• [Exercise requirements] For the data below, transcribe the part that opens with the line containing "this 1344×1512 image." and closes with the line containing "this 2040×1536 image.", exactly and with no pictures.

• [Records provided]
☆ ☆ ☆ ☆ ☆ ☆ ☆

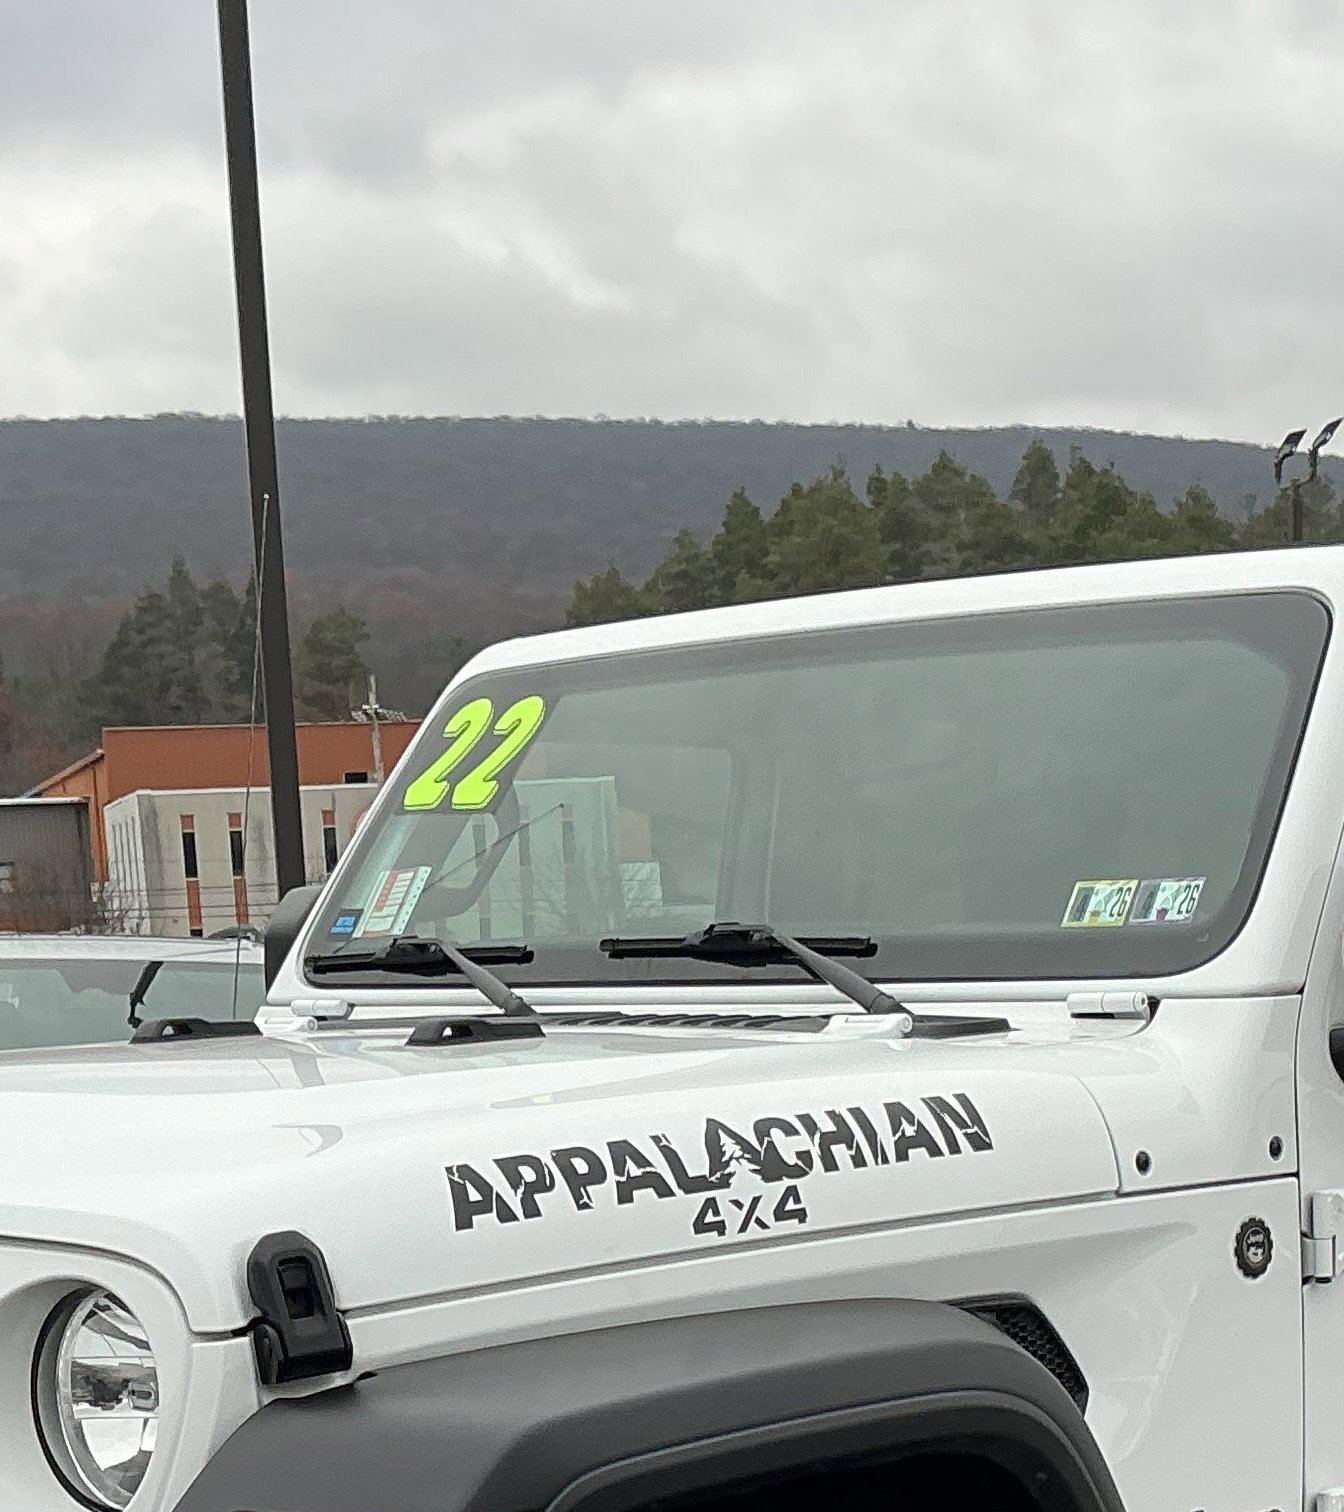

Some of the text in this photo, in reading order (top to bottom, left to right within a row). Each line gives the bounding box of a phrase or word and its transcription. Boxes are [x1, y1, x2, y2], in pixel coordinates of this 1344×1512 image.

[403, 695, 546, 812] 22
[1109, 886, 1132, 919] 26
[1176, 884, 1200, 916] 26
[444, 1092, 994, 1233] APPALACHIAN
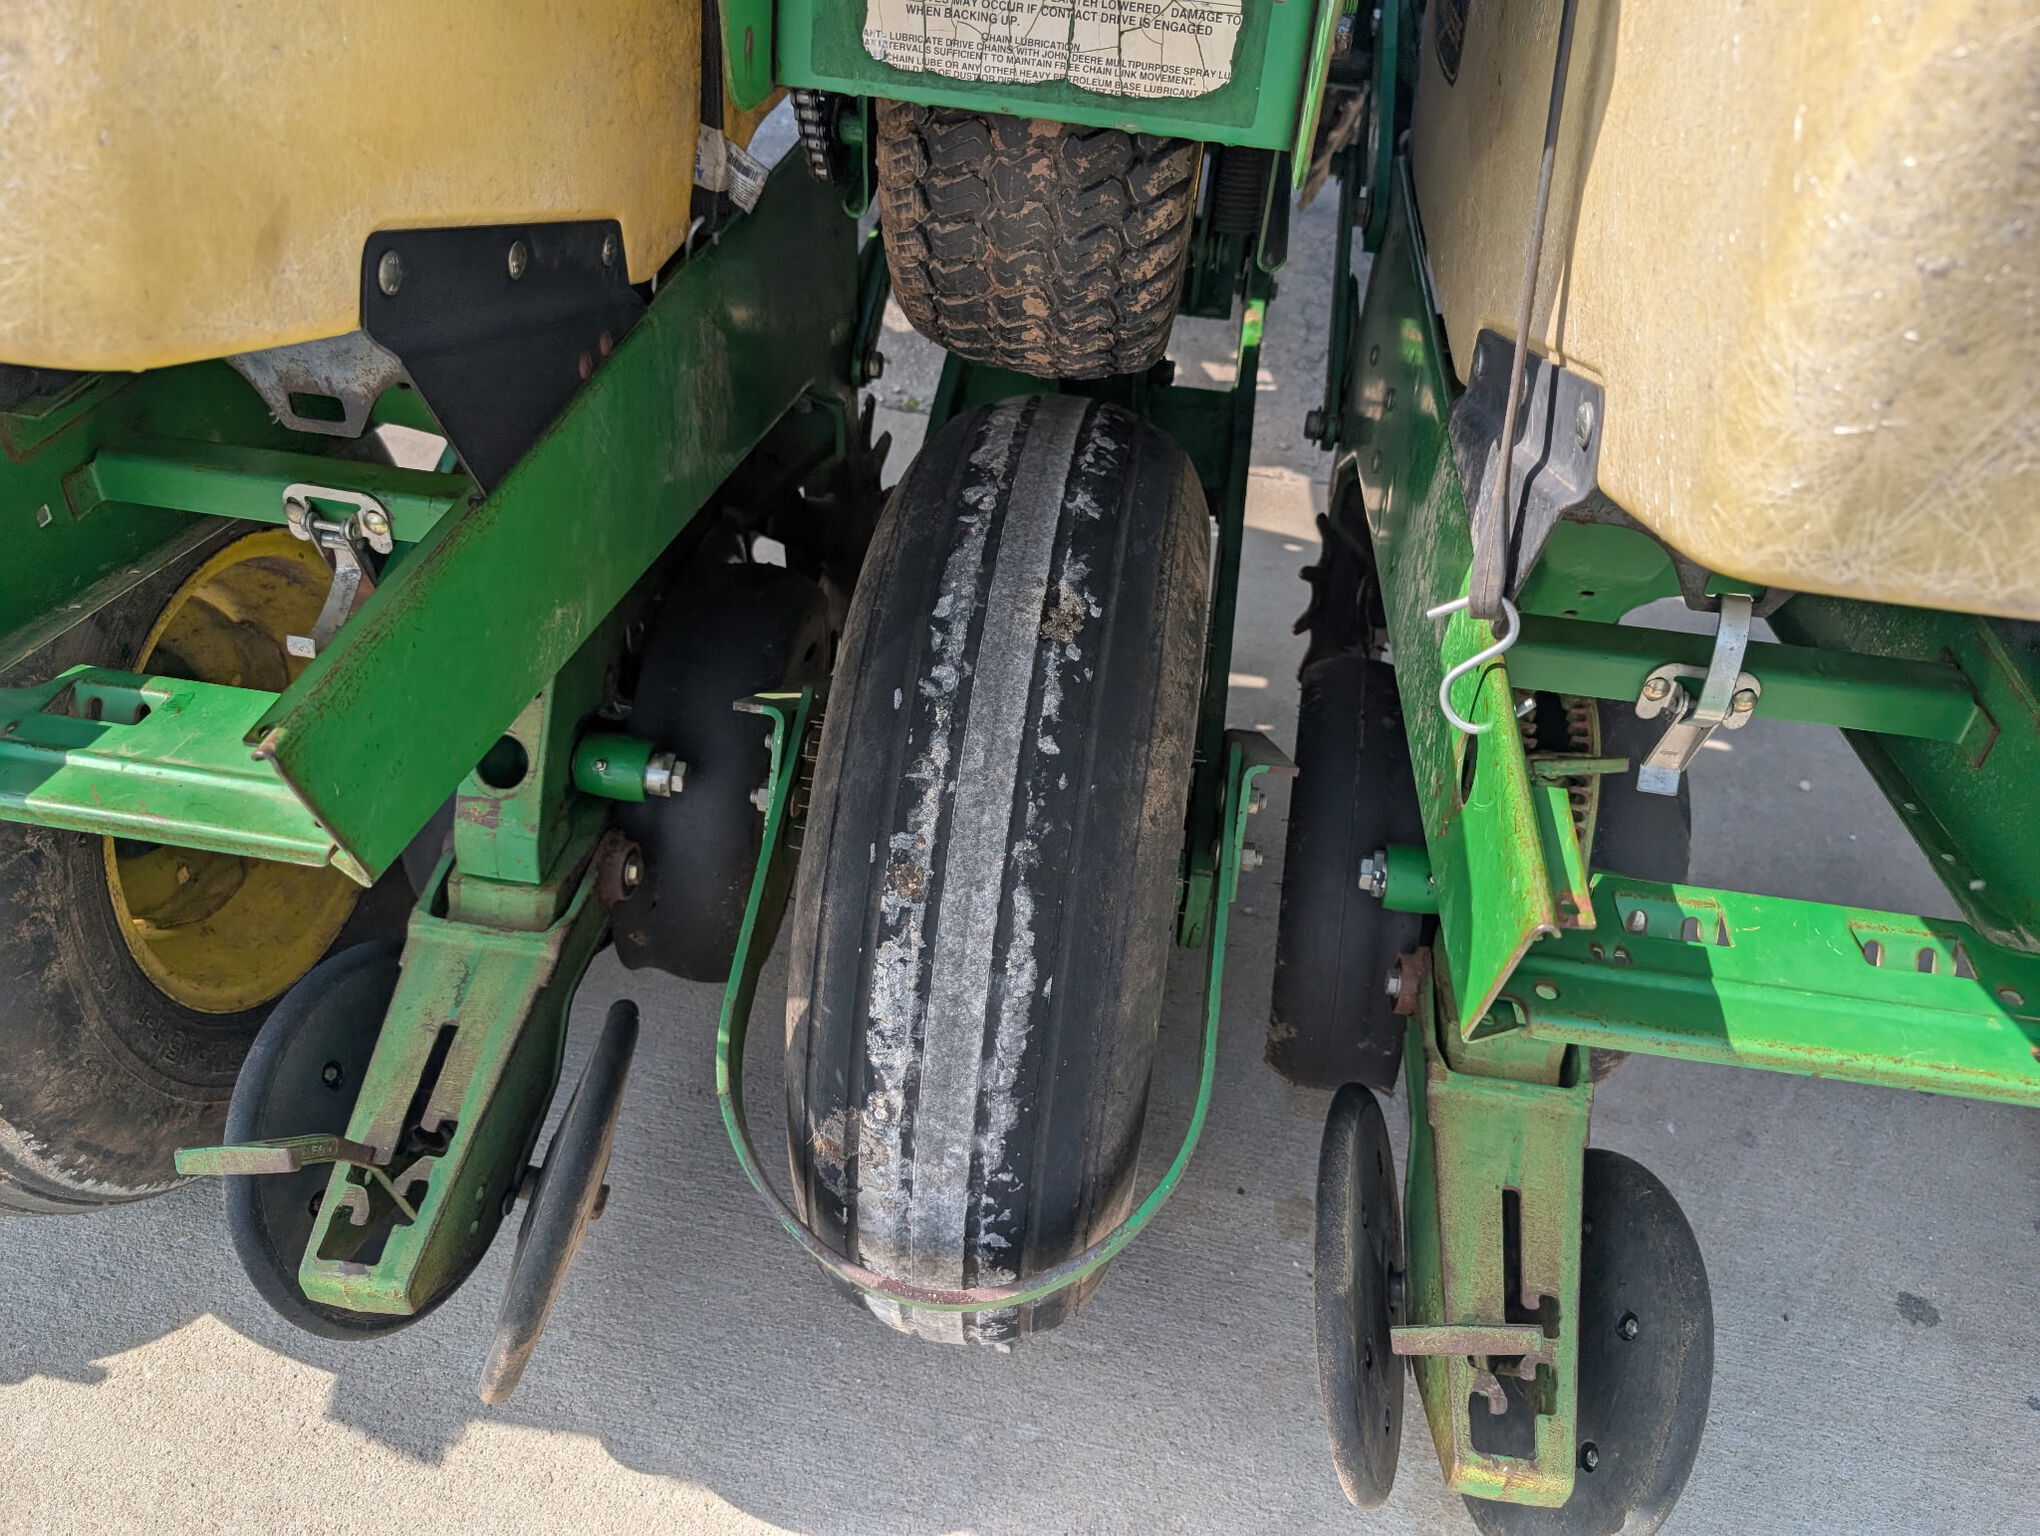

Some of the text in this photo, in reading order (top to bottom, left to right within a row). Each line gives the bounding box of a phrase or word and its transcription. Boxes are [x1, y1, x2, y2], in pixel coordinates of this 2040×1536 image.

☆ ☆ ☆ ☆ ☆ ☆ ☆

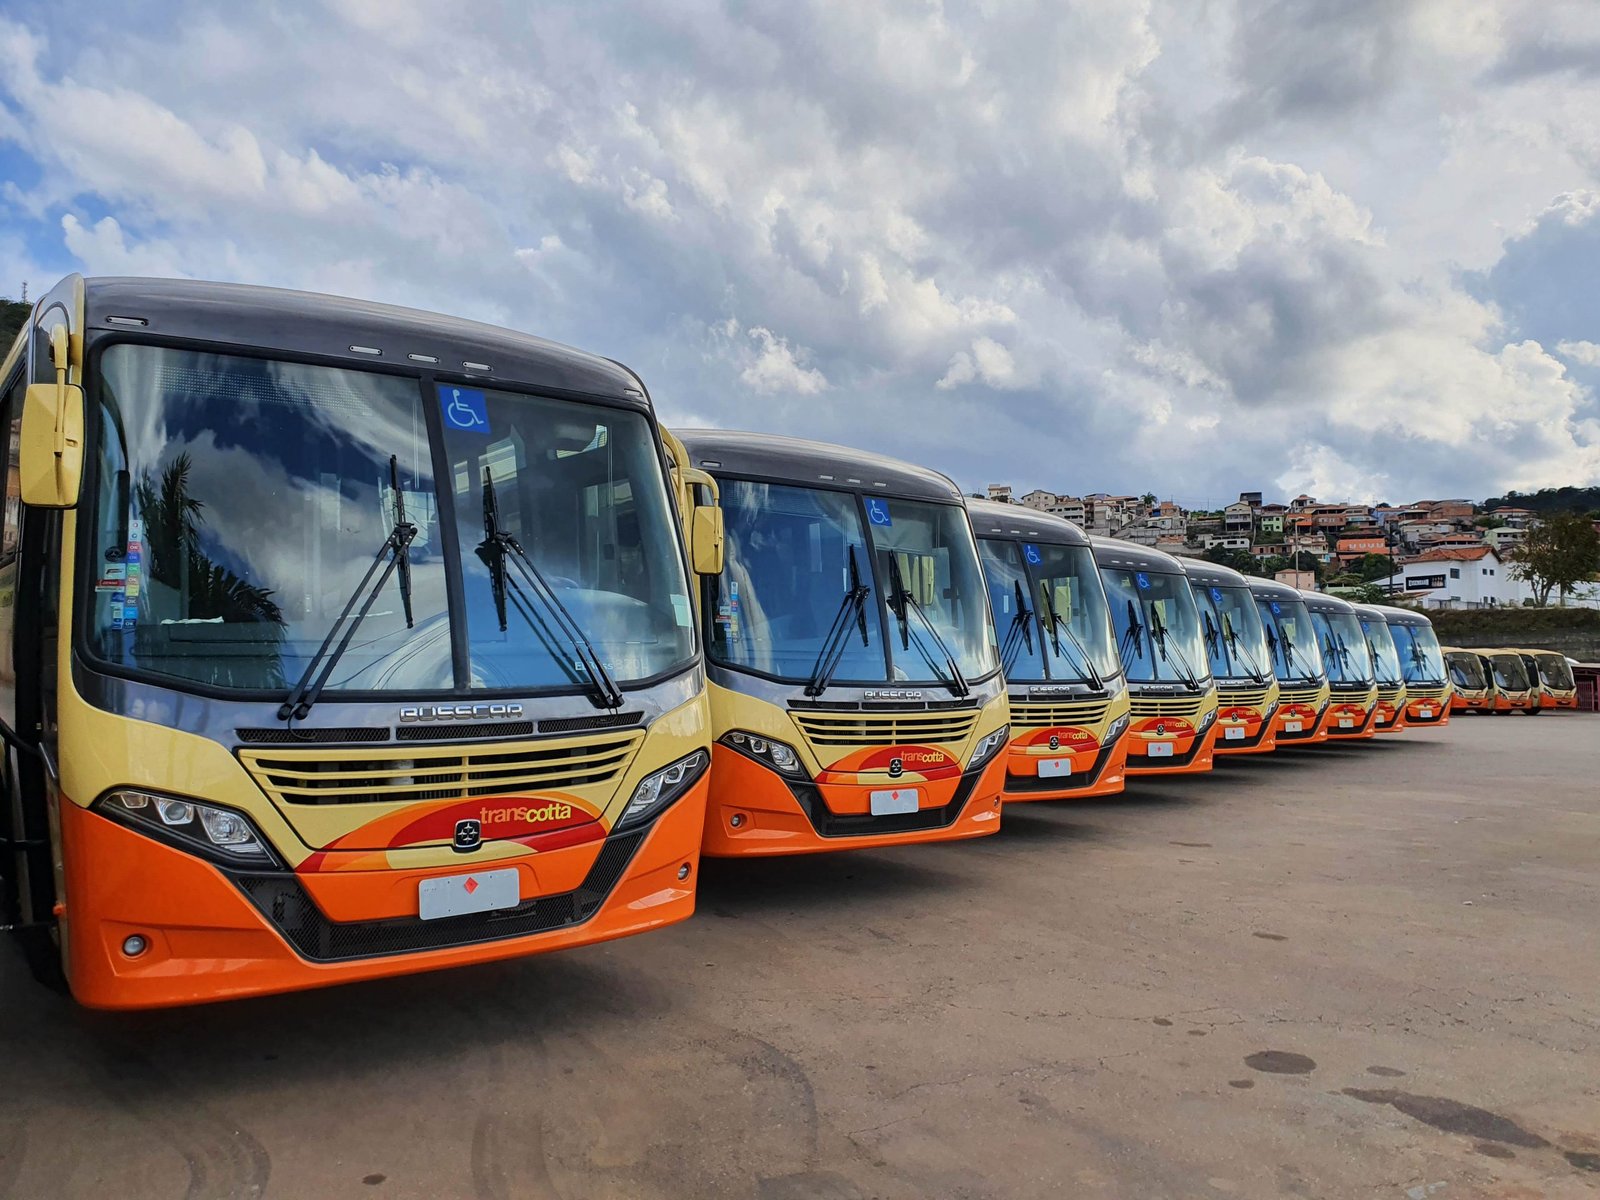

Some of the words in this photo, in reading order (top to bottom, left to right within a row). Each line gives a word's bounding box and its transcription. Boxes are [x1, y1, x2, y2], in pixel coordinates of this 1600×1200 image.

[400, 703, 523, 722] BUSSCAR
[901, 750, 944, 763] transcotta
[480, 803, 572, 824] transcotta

☆ ☆ ☆ ☆ ☆ ☆ ☆

• [Result below]
Some of the text in this photo, in reading order (top to bottom, left to right within a row). Each line gives the bounding box of a phrase or word and its transcription. Boxes are [x1, y1, x2, y2], in pixel coordinates of this 1344×1512 image.

[403, 695, 546, 812] 22
[1109, 886, 1132, 919] 26
[1176, 884, 1200, 916] 26
[444, 1092, 994, 1233] APPALACHIAN

Some of the text in this photo, in reading order (top to bottom, left to right within a row). Each line gives the bounding box of a phrase or word and its transcription. Boxes are [x1, y1, x2, y2], in pixel coordinates of this 2040×1536 image.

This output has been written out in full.